Only approximately 100 to 120 Florida panthers survive in a single breeding population in Collier, Lee, Hendry, Miami-Dade, and Monroe counties. Male panthers also roam northward across the Caloosahatchee River to other areas in Florida and even as far as west-central Georgia, where one was shot last year. But in recent decades no females have been sighted outside of South Florida. Originally, Florida panthers were native across a broad swath of the southeastern United States.

Added Robinson: “There is a very small window of opportunity to save the panther. If we don’t map out and permanently protect all lands necessary for the great cat’s survival and recovery immediately, it will go the way of the dusky seaside sparrow and Caribbean monk seal — two Florida species that have winked out forever in our lifetime.”

Critical habitat is defined in the Endangered Species Act as the areas necessary for the recovery of an endangered species. Research shows that animals and plants with critical habitat designated for them are recovering twice as fast as those without it.

“The Florida panther is being driven to extinction splayed across the bumpers of cars speeding between gated golf course communities and new megacities sprawling across what have been its ancestral hunting and breeding grounds,” said PEER Executive Director Jeff Ruch, whose organization represents agency scientists who have charged scientific fraud to aid development to the detriment of the panther. “The only thing that will stiffen the spine of the Fish and Wildlife Service to do its job is a legal mandate to protect the habitat essential to the survival of the panther."

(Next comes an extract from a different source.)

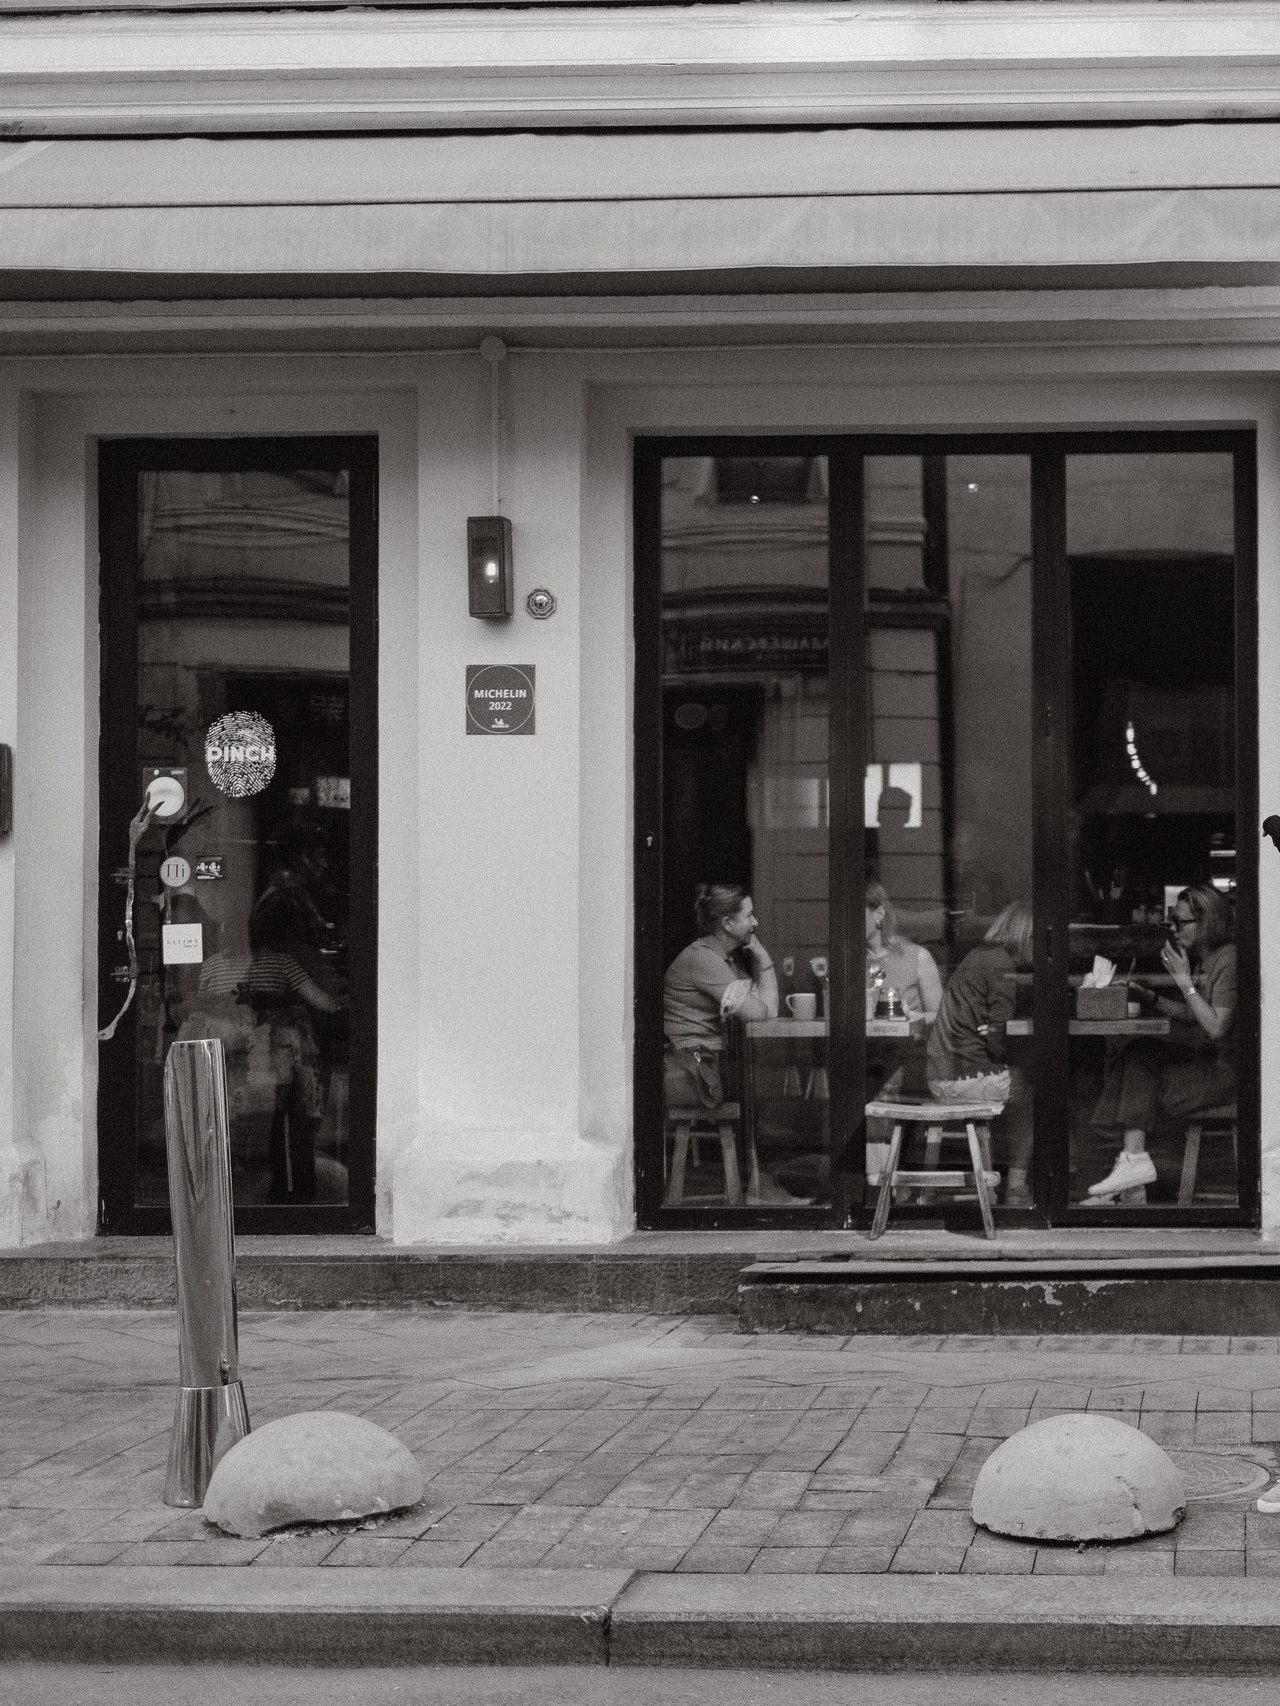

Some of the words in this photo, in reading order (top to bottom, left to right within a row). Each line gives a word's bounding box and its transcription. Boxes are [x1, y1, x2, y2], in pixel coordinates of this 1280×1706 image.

The Florida panther has been on the endangered species list since 1967, but its habitat has been insufficiently protected. The Florida Panther Recovery Plan (2008) and today’s petition identify three areas needed for protection: a “primary zone” where panthers currently live and reproduce, a “secondary zone” of adjoining areas that panthers sometimes roam, and a “dispersal zone” consisting of a narrow travel corridor between developments where panthers traverse the Caloosahatchee River to reach more distant areas and potentially set up homes.

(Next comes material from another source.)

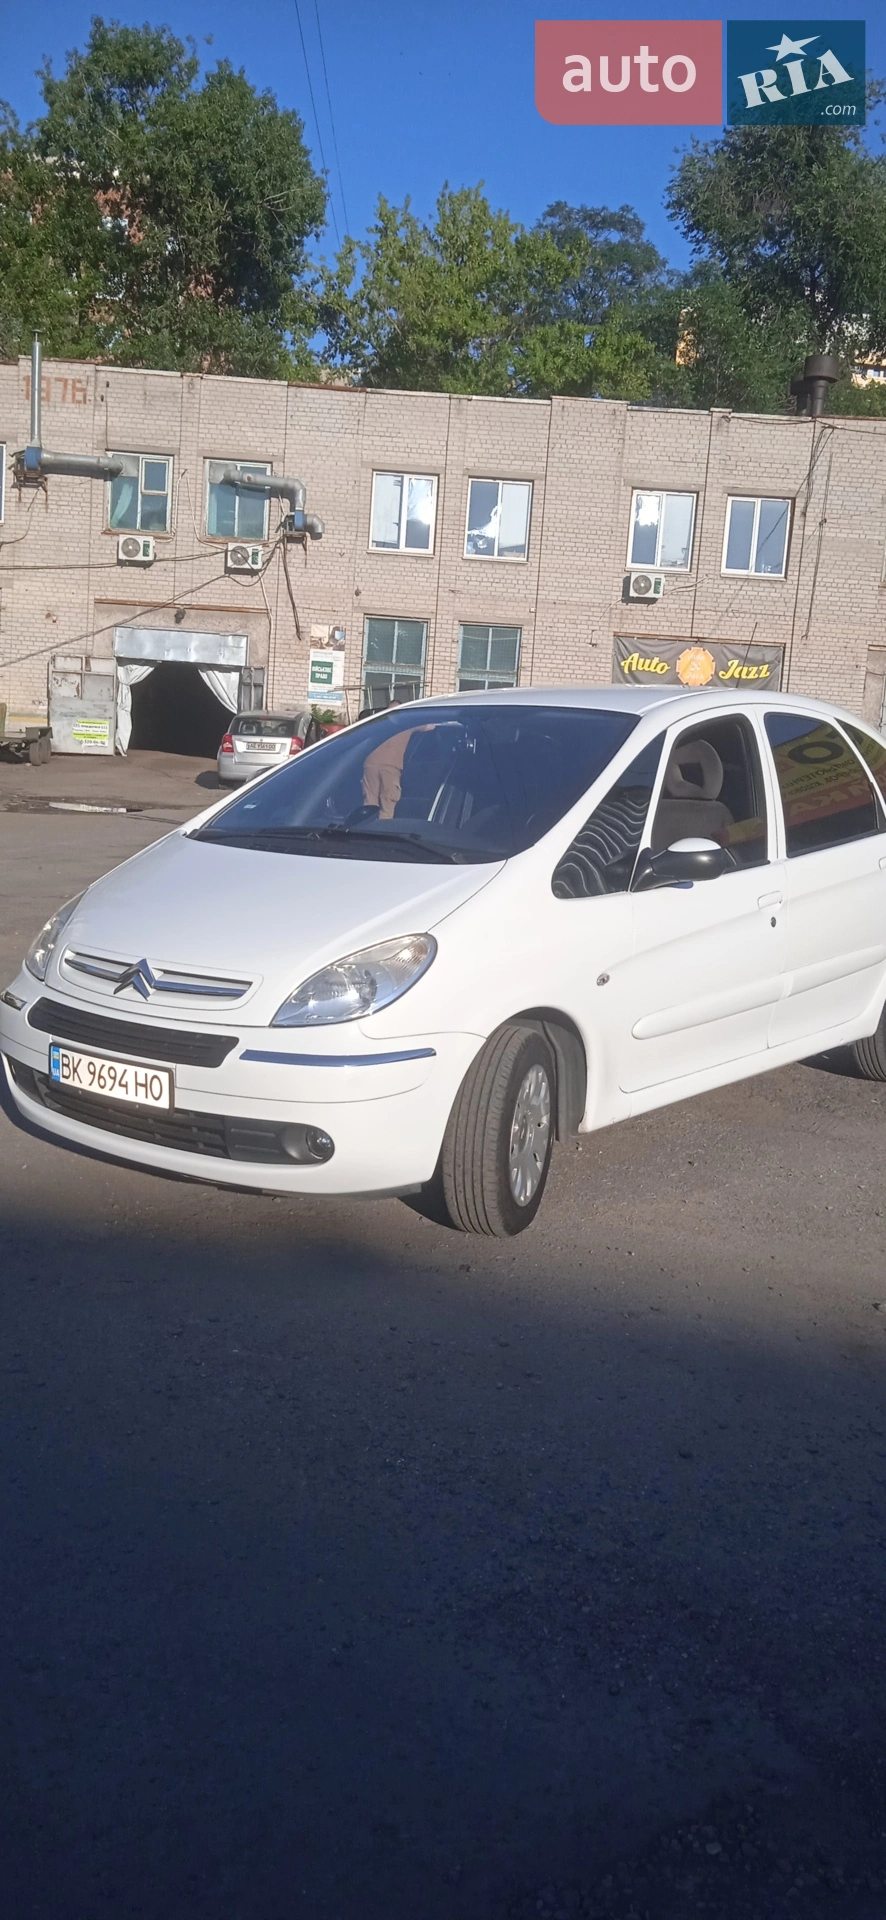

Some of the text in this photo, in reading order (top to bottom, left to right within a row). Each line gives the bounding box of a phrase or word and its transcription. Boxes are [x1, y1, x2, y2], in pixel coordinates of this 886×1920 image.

“Going to court may be a necessary step because the Fish and Wildlife Service is a thoroughly broken agency and Congressional oversight is almost nonexistent,” said Ann Hauck, president of the Council of Civic Associations. “Irresponsible development is killing the very values that make Florida special and, at this rate, panthers will only be seen on our personalized license plates."

Florida panthers are a subspecies of the puma, or mountain lion, with subtle differences in skull shape from other pumas. They are uniquely adapted to a hot, humid climate and habitats that differ from those in the West. Adult male Florida panthers weigh an average of 116 pounds, and females weigh 75 pounds.

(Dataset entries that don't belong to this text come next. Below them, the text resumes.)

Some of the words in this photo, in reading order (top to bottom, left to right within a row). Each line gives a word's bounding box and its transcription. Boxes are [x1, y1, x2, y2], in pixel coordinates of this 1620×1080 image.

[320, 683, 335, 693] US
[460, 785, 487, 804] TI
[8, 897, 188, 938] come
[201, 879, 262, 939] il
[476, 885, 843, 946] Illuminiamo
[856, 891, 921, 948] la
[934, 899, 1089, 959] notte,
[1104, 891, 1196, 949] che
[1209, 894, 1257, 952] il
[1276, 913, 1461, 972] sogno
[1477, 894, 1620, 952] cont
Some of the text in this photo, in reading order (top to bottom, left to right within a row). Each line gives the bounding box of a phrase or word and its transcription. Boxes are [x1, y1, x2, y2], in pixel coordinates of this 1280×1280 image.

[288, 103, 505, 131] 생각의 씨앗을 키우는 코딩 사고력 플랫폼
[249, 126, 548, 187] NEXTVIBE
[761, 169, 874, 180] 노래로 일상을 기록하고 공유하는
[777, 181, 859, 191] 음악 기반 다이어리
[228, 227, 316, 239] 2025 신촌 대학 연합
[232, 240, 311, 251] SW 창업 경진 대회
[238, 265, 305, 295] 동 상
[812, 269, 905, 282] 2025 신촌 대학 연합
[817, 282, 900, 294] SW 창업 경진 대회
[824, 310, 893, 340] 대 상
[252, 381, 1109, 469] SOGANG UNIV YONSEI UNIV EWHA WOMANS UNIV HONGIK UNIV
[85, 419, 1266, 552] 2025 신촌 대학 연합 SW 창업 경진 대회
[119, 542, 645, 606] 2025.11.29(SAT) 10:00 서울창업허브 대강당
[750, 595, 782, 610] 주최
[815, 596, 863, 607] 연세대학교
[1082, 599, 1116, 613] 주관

Through petitions and litigation, the Center has obtained more than 100 million acres of critical habitat nationally, for endangered species ranging from elkhorn and staghorn corals off the Florida coast to Atlantic salmon in Maine and eiders in Alaska; On September 1, 2009, a Center lawsuit garnered protected habitat for the smalltooth sawfish over more than 840,000 acres of watery habitat along Florida’s southwestern coast. And on September 3, the Center sued the Fish and Wildlife Service to gain critical habitat for another Florida animal, the Cape Sable seaside sparrow. The Center has filed more than 500 lawsuits on behalf of endangered wildlife and won success in 93 percent of its cases.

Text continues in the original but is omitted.